Kant separó los conceptos  de verdad y de bondad. Descubrimos lo verdadero mediante la adquisición del conocimiento, mientras que utilizamos el sentimiento o la intuición con el fin de entender lo que es bueno. 


  Con el siglo XIX llegamos a nuestro mundo de hoy. El inmovilismo de las tradiciones ha sido superado, y el análisis racional de nuestro entorno y nuestra propia naturaleza han sido aceptados tras la conmoción emotiva del cristianismo. Pero qué duda cabe que aún andamos lejos del ideal…
 
La racionalidad se aplicó a la creación de una sociedad que buscaba dos ideales opuestos, el orden universal y la libertad personal

La antigua convicción de que existía una solución racional al problema de construir una sociedad, y de conciliar la libertad y el orden, persistió en Europa durante la mayor parte de los dos siglos siguientes [a la Revolución Francesa]
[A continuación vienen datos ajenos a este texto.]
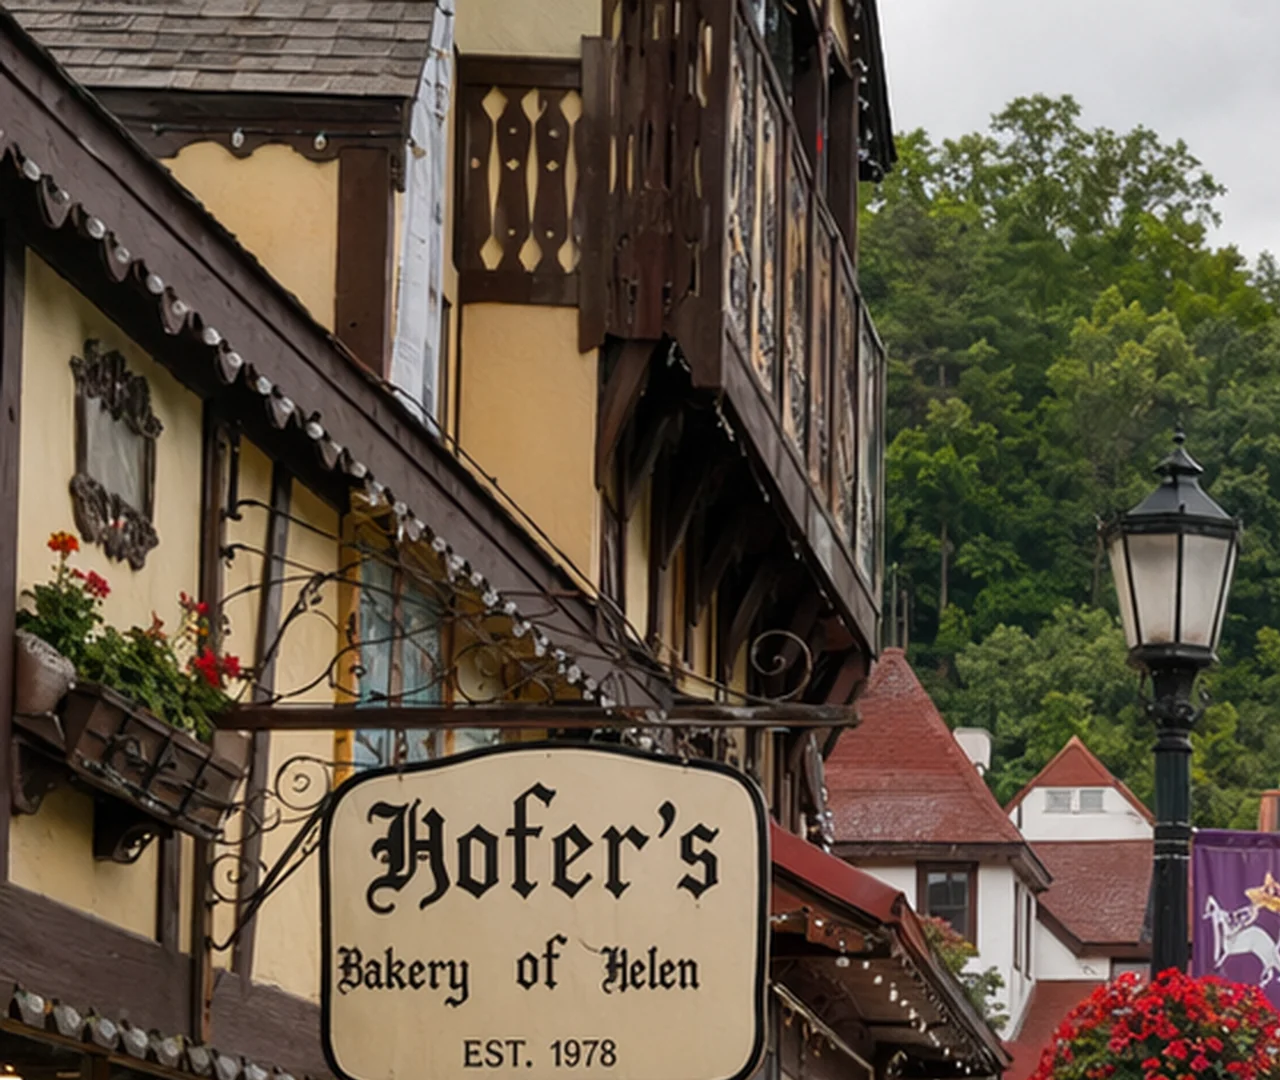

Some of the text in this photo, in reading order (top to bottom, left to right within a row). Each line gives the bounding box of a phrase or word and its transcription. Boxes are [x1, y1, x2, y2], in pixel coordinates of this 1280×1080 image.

[365, 782, 720, 915] Hofer's
[336, 933, 700, 1009] Bakery of Helen
[463, 1038, 617, 1069] EST. 1978
  En este libro no se nos da una orientación para lo que nos queda por delante. Si acaso, se nos recuerda que el pragmatismo ha sido siempre el impulsor de las posteriores formulaciones teóricas sobre el sentido de la civilización. Pero eso no es suficiente, pues la casuística pragmática nos rodea por todas partes y muchas de las ganancias prácticas de ésta (por ejemplo, la idea de una justicia imparcial) se pierden si no se enmarcan en un sistema ideológico coherente (¿a quién otorgamos el poder de aplicar la justicia imparcial?).
 
  Tenemos algunas pistas sobre cómo interpretar los sucesos sociales en un sentido civilizatorio. Por ejemplo, cuando en este libro se nos hace una interpretación pragmática del por qué del Holocausto nazi…
 
Muchos alemanes tendieron la mano de la bondad y salvaron a muchos judíos de los campos de exterminio, pero la inmensa mayoría (…) no lo hizo. Y es en esta abdicación de la bondad y de la compasión humanas, en nombre de alguna gran causa, donde radica el peligro real al que la humanidad occidental, en su incansable búsqueda de significado, se enfrenta permanentemente

  El error, entonces, podría estar en que, dentro de las formulaciones ideales del racionalismo -la creación de una sociedad que buscaba dos ideales opuestos, el orden universal y la libertad personal-  nunca se ha incluido la realidad emotiva de la existencia humana, quizá porque la emotividad no es racional (sin embargo, el Evangelio se construye a partir de la emotividad: de ahí su éxito como mensaje humanista, aunque la religión cristiana –con su discurso sobrenatural- no esté construida como formulación racional). 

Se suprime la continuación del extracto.